My quick opinions of Eclipse CDT vs CLion

In my last post, I mentioned I found a neat feature in Eclipse, but that I still use CLion most of the time. This begs the obvious question: Why don't I just use Eclipse / CDT full time?

Well, I initially switched because of two main reasons: 1) annoyance with the time it always took getting the IDE setup to recognize all my various include paths, library paths, options, etc... and 2), the fact that CODAN* (the static analyzer in CDT) seems to miss a lot of situations. So I decided to give it another shot.

I mostly work with CMake projects - a given, since I'm using CLion, and it's biggest downside is it ONLY works with CMake - so I used the CMake Eclipse project generator. It seemed to work fairly well, which helped with 1)... but longer term, the fact that I would potentially need to re-run it any time the CMake changed... which in turn would mean I could lose any project settings / changes I made from within Eclipse - is a worry. Plus the fact that I have to run a separate command line tool frequently is a turn off.
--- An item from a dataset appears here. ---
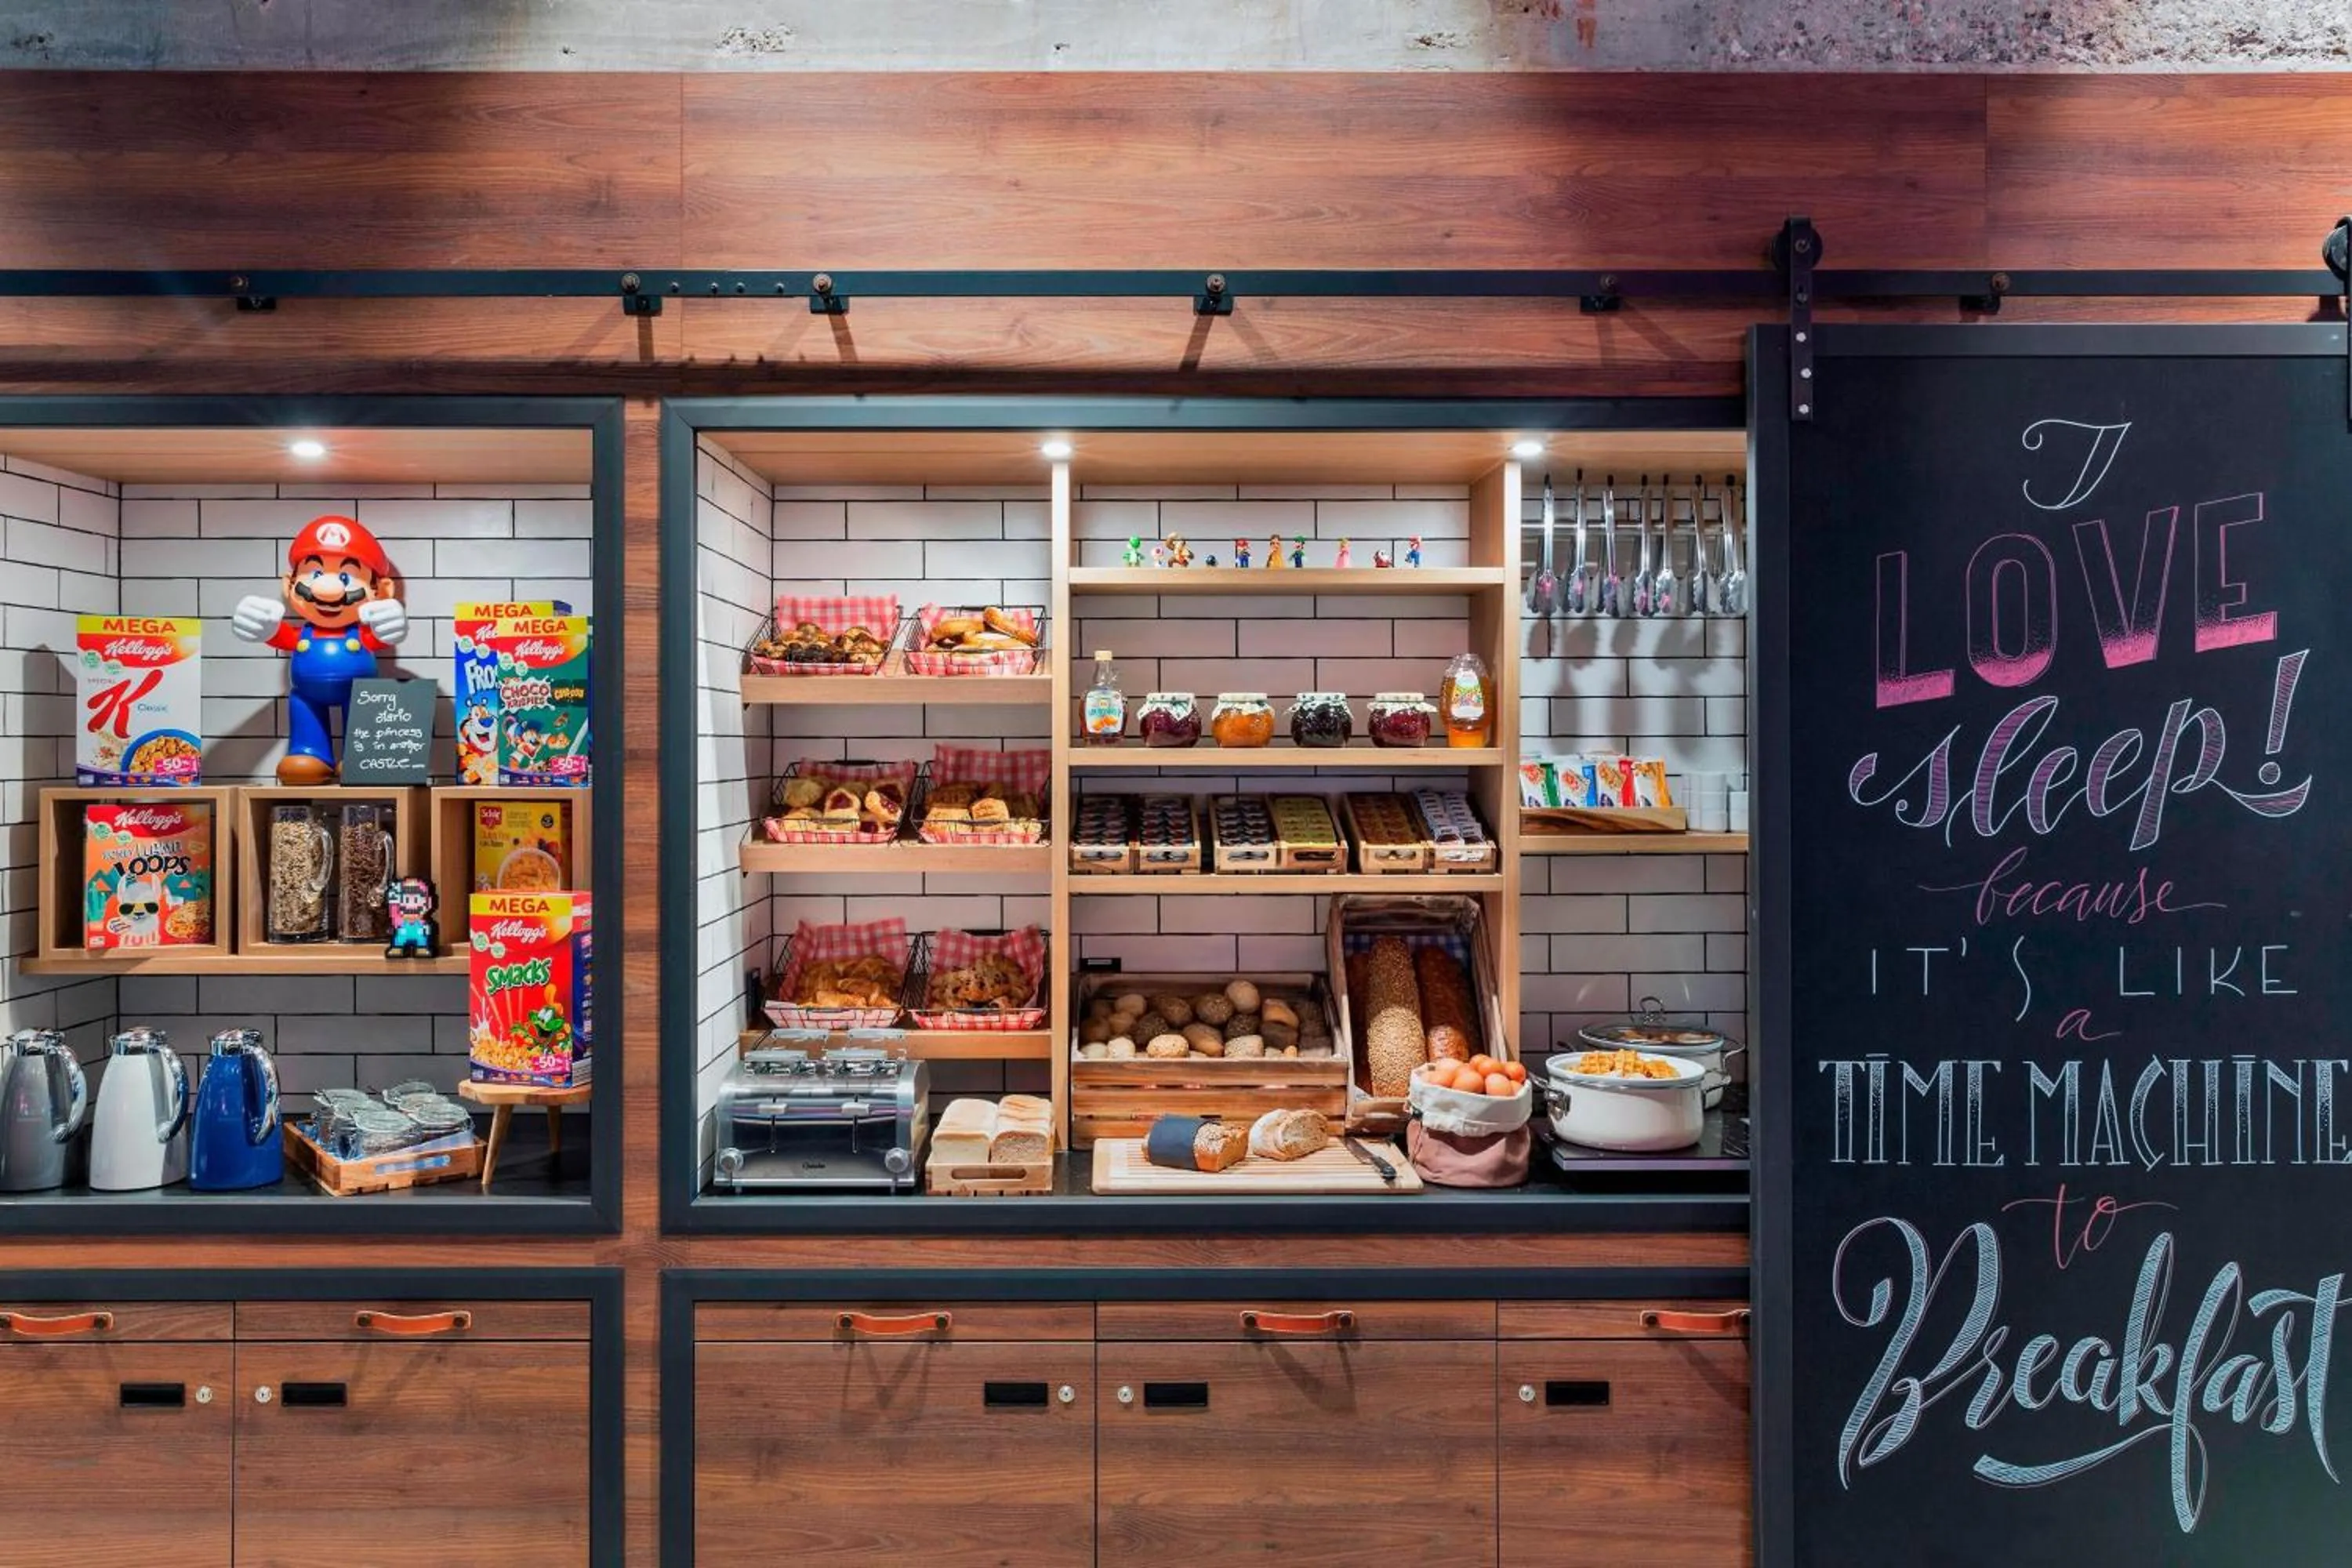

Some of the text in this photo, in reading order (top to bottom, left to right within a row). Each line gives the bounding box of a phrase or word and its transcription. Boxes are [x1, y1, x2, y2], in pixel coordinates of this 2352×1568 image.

Still, those are things I could deal with... except it seemed that 2), CODAN's unreliable, is still a factor. I had only been using it for 5 minutes before coming across a situation which CODAN incorrectly flagged as an error, but which CLion got right. I always find it annoying to have all those extraneous red highlights in my IDE, so back I went to CLion...

...but, I still keep Eclipse open for that Shift+Alt+T action!

*...though, if this is named after the infamous Armada in "The Last Starfighter," thumbs up to that!